Benchmarking Pretrained Attention-based Models for Real-Time Recognition in Robot-Assisted Esophagectomy

TL;DR

Robot-assisted minimally invasive esophagectomy (RAMIE) poses substantial navigation challenges due to complex anatomy and occlusions. The authors introduce RAMIE, a large semantic segmentation dataset, and benchmark eight real-time models across RAMIE and CholecSeg8k with two pretraining schemes. They find ADE20k pretraining outperforms ImageNet and that attention-based models (Mask2Former, SegNeXt) deliver the best Dice and boundary accuracy, albeit with slower inference. The work provides actionable guidance on pretraining strategies and model selection to enhance real-time surgical navigation and surgeon training.

Abstract

Esophageal cancer is among the most common types of cancer worldwide. It is traditionally treated using open esophagectomy, but in recent years, robot-assisted minimally invasive esophagectomy (RAMIE) has emerged as a promising alternative. However, robot-assisted surgery can be challenging for novice surgeons, as they often suffer from a loss of spatial orientation. Computer-aided anatomy recognition holds promise for improving surgical navigation, but research in this area remains limited. In this study, we developed a comprehensive dataset for semantic segmentation in RAMIE, featuring the largest collection of vital anatomical structures and surgical instruments to date.
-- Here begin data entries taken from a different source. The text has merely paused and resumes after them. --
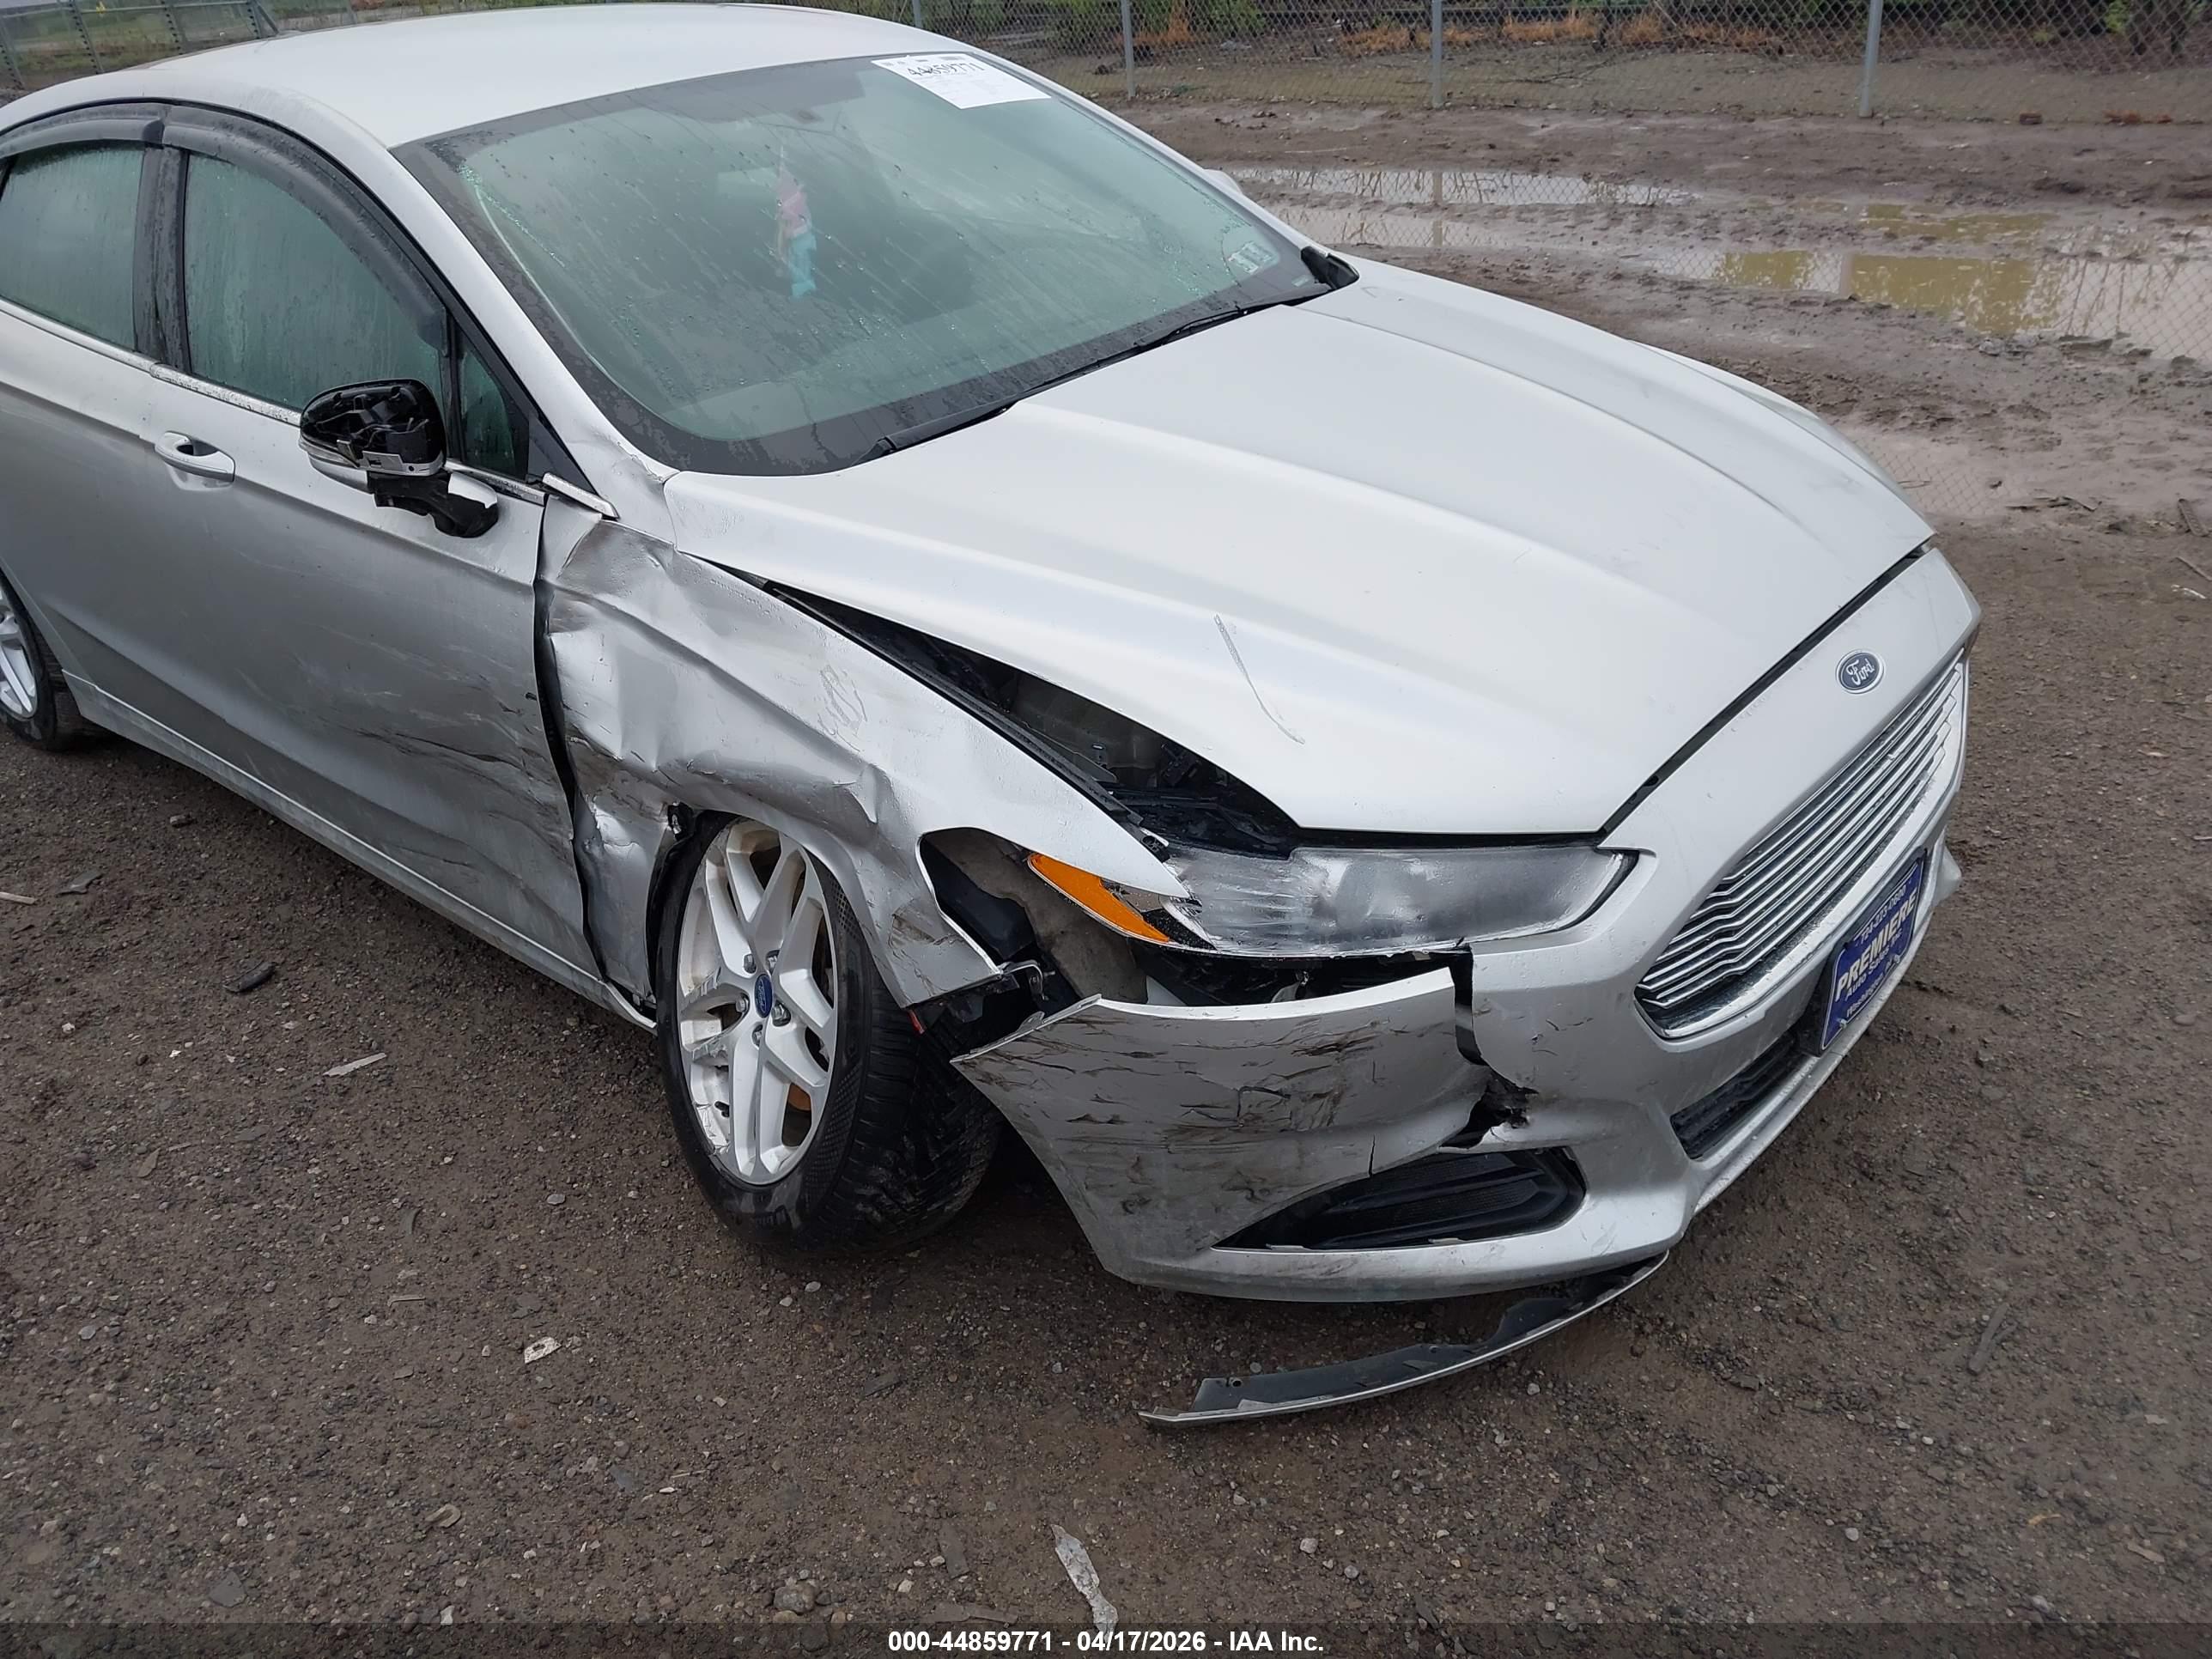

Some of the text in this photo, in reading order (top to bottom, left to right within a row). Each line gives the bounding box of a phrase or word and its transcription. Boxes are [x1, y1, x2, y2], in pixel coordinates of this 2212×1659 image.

[1846, 658, 1875, 686] Ford
[1835, 887, 1917, 1002] PREMIERE
[1844, 973, 1867, 1002] Auto
[1869, 945, 1890, 975] Sales
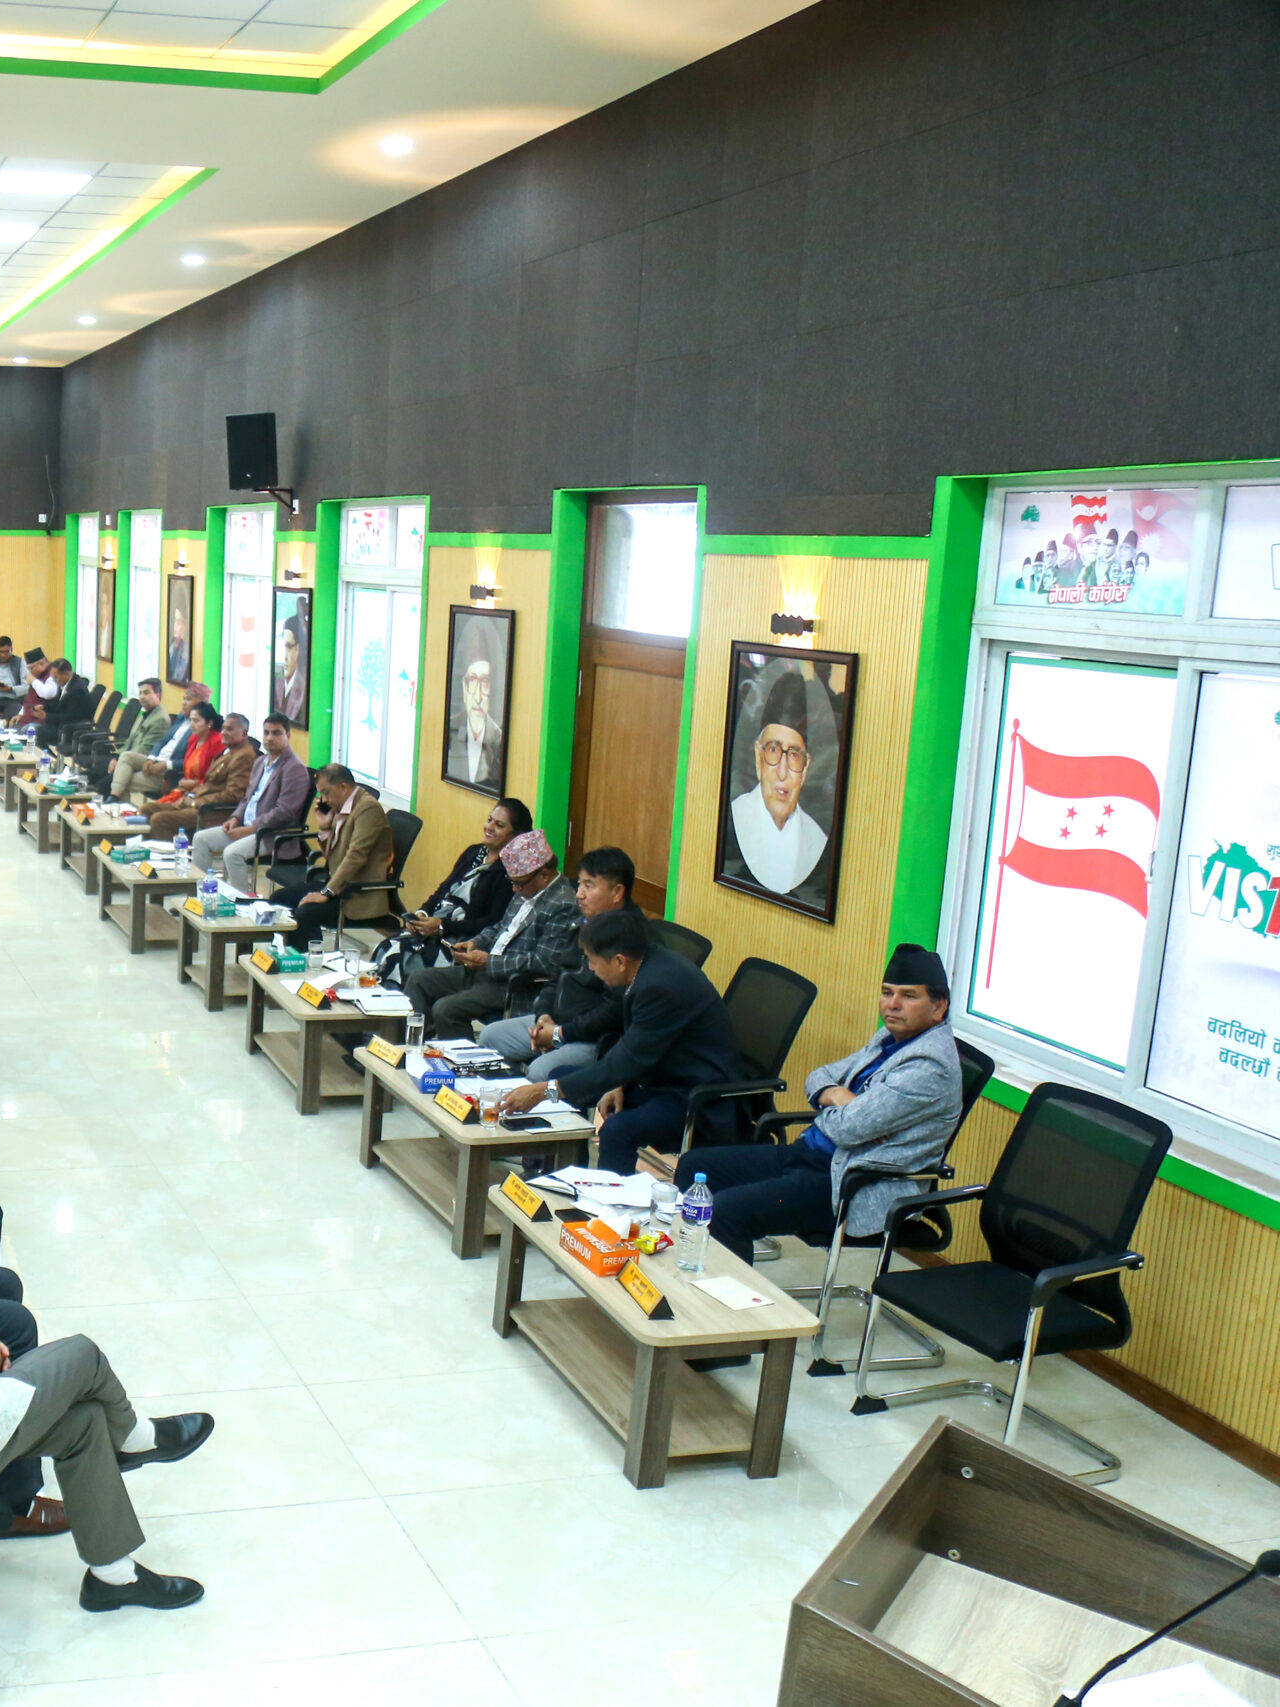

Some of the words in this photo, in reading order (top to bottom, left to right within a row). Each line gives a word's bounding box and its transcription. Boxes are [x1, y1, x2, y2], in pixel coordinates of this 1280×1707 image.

Handling this diverse set of classes presents challenges, including class imbalance and the recognition of complex structures such as nerves. This study aims to understand the challenges and limitations of current state-of-the-art algorithms on this novel dataset and problem. Therefore, we benchmarked eight real-time deep learning models using two pretraining datasets. We assessed both traditional and attention-based networks, hypothesizing that attention-based networks better capture global patterns and address challenges such as occlusion caused by blood or other tissues. The benchmark includes our RAMIE dataset and the publicly available CholecSeg8k dataset, enabling a thorough assessment of surgical segmentation tasks. Our findings indicate that pretraining on ADE20k, a dataset for semantic segmentation, is more effective than pretraining on ImageNet. Furthermore, attention-based models outperform traditional convolutional neural networks, with SegNeXt and Mask2Former achieving higher Dice scores, and Mask2Former additionally excelling in average symmetric surface distance.

Paper Structure

This paper contains 14 sections, 5 figures, 3 tables.

Figures (5)

  • Figure 1: Example frames with corresponding overlays of all distinct classes in the RAMIE dataset. One overlay is shown per class, even when the class is visible in multiple images.
  • Figure 2: (Left) Number of annotated images per class. (Right) Proportion of annotated pixels per class as a percentage of the total number of annotated pixels.
  • Figure 3: Dice scores per class for RAMIE (left) and CholecSeg8k (right), averaged across models with attention (Mask2Former, Segformer, Segmenter, SegNeXt) and without attention (DeepLabv3, DeepLabv3+, PSPNet, FPN).
  • Figure 4: Visualization of input frames, reference annotations, and predictions on the RAMIE dataset using DeepLabv3+, SegNeXt, and Mask2Former, each pretrained on ADE20k.
  • Figure 5: Visualization of input frames, reference annotations, and predictions on the CholecSeg8k dataset using DeepLabv3+, SegNeXt, and Mask2Former, each pretrained on ADE20k.